#### [AVAILABLE DATA]
▼

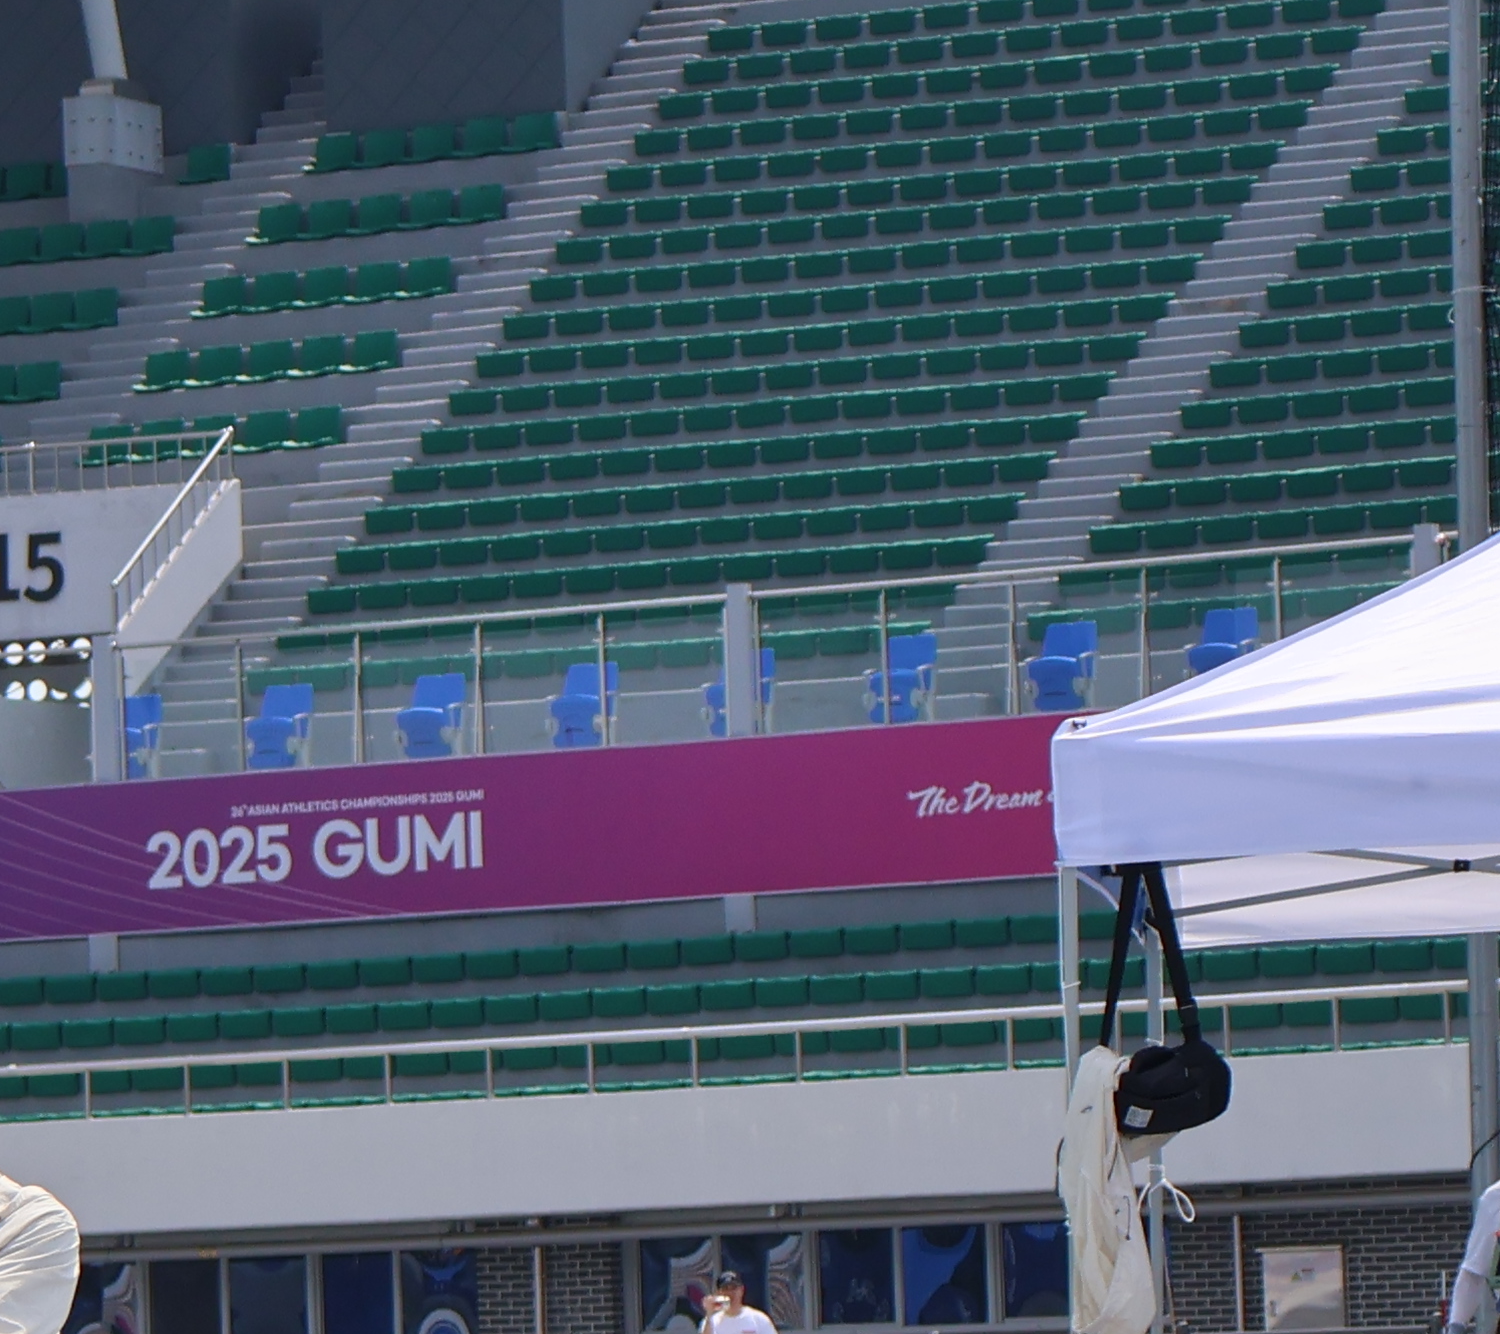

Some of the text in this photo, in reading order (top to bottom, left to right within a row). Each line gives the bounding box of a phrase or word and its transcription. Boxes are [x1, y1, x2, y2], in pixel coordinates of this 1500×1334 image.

[247, 804, 280, 817] ASIAN
[281, 799, 339, 815] ATHLETICS
[340, 793, 428, 810] CHAMPIONSHIPS
[429, 791, 455, 804] 2025
[457, 788, 485, 802] GUMI
[907, 784, 960, 818] The
[963, 779, 1043, 814] Dream
[147, 811, 484, 889] 2025 GUMI
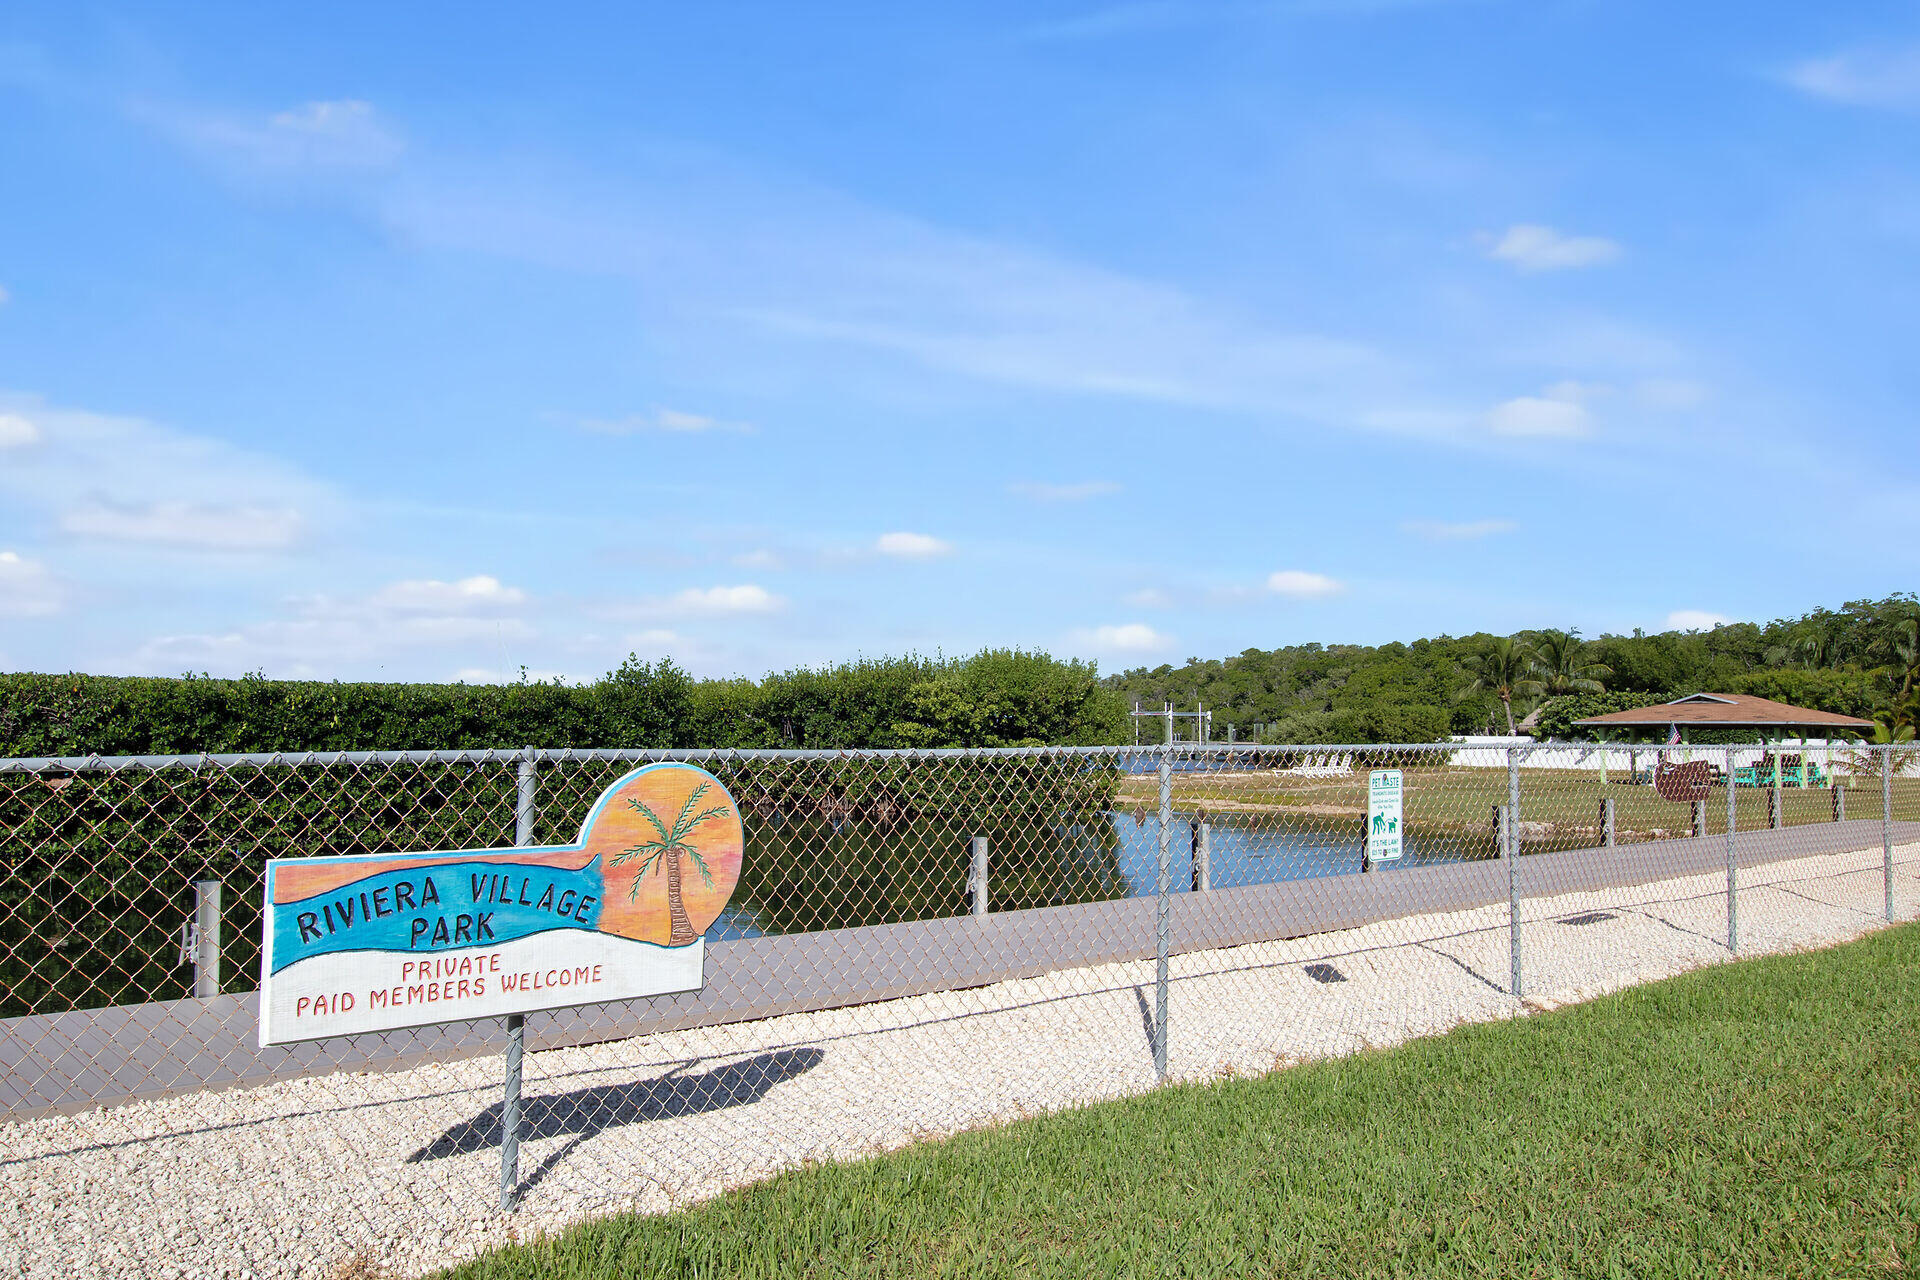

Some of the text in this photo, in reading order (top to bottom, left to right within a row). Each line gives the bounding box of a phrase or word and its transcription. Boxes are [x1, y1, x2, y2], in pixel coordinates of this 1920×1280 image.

[1372, 778, 1381, 787] PET
[297, 873, 597, 944] RIVIERA VILLAGE
[411, 912, 496, 948] PARK
[402, 953, 501, 982] PRIVATE
[296, 964, 603, 1017] PAID MEMBERS WELCOME
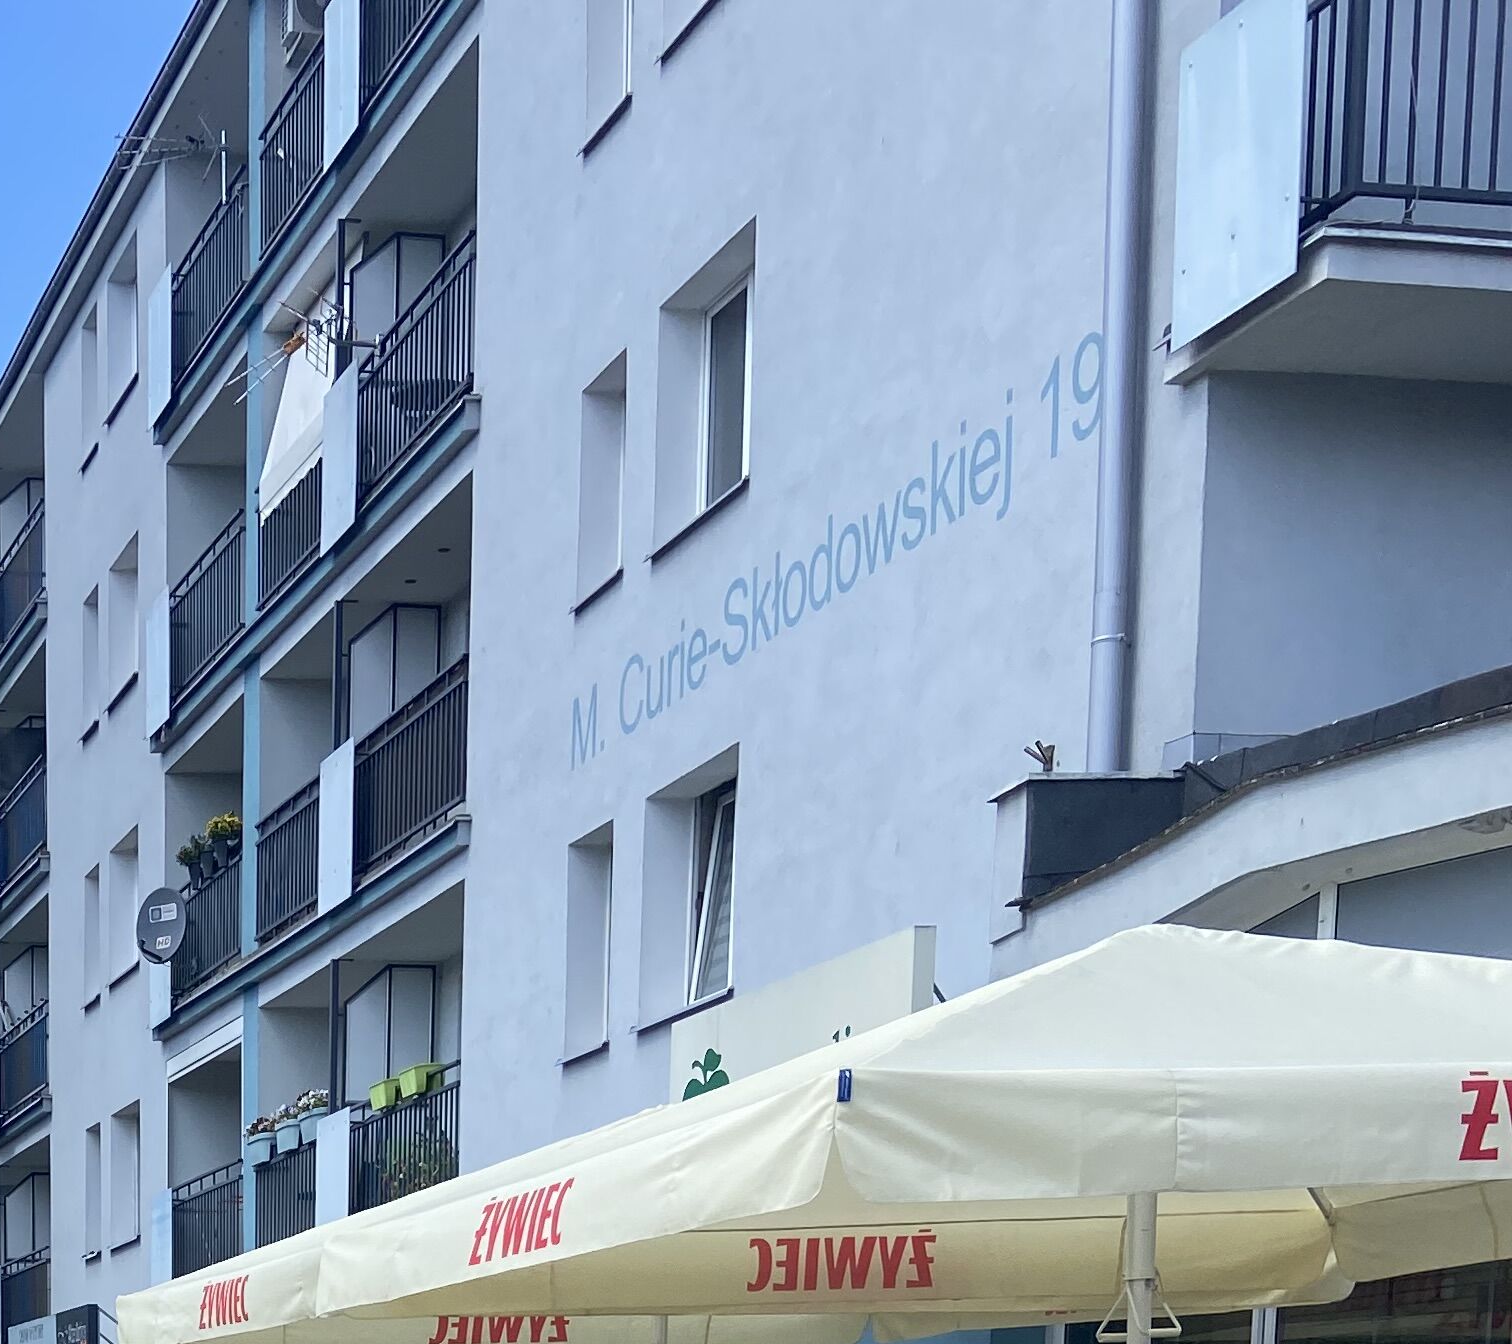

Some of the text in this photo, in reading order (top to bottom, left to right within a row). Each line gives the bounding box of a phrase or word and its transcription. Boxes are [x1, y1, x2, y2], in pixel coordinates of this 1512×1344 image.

[571, 331, 1105, 771] M. Curie-Skłodowskiej 19
[468, 1176, 576, 1266] ŻYWIEC
[198, 1275, 250, 1330] ŻYWIEC

▲

#### [TASK REQUIREMENTS]
Repeat the listing in full and to the letter, excluding every image.

#### [TASK RESPONSE]
Some of the text in this photo, in reading order (top to bottom, left to right within a row). Each line gives the bounding box of a phrase or word and its transcription. Boxes are [x1, y1, x2, y2], in pixel coordinates of this 1500×1334 image.

[247, 804, 280, 817] ASIAN
[281, 799, 339, 815] ATHLETICS
[340, 793, 428, 810] CHAMPIONSHIPS
[429, 791, 455, 804] 2025
[457, 788, 485, 802] GUMI
[907, 784, 960, 818] The
[963, 779, 1043, 814] Dream
[147, 811, 484, 889] 2025 GUMI

Some of the text in this photo, in reading order (top to bottom, left to right within a row). Each line gives the bounding box of a phrase or word and its transcription. Boxes are [x1, y1, x2, y2], in pixel coordinates of this 1920×1280 image.

[1372, 778, 1381, 787] PET
[297, 873, 597, 944] RIVIERA VILLAGE
[411, 912, 496, 948] PARK
[402, 953, 501, 982] PRIVATE
[296, 964, 603, 1017] PAID MEMBERS WELCOME

Some of the text in this photo, in reading order (top to bottom, left to right within a row). Each line gives the bounding box of a phrase or word and its transcription. Boxes are [x1, y1, x2, y2], in pixel coordinates of this 1512×1344 image.

[571, 331, 1105, 771] M. Curie-Skłodowskiej 19
[468, 1176, 576, 1266] ŻYWIEC
[198, 1275, 250, 1330] ŻYWIEC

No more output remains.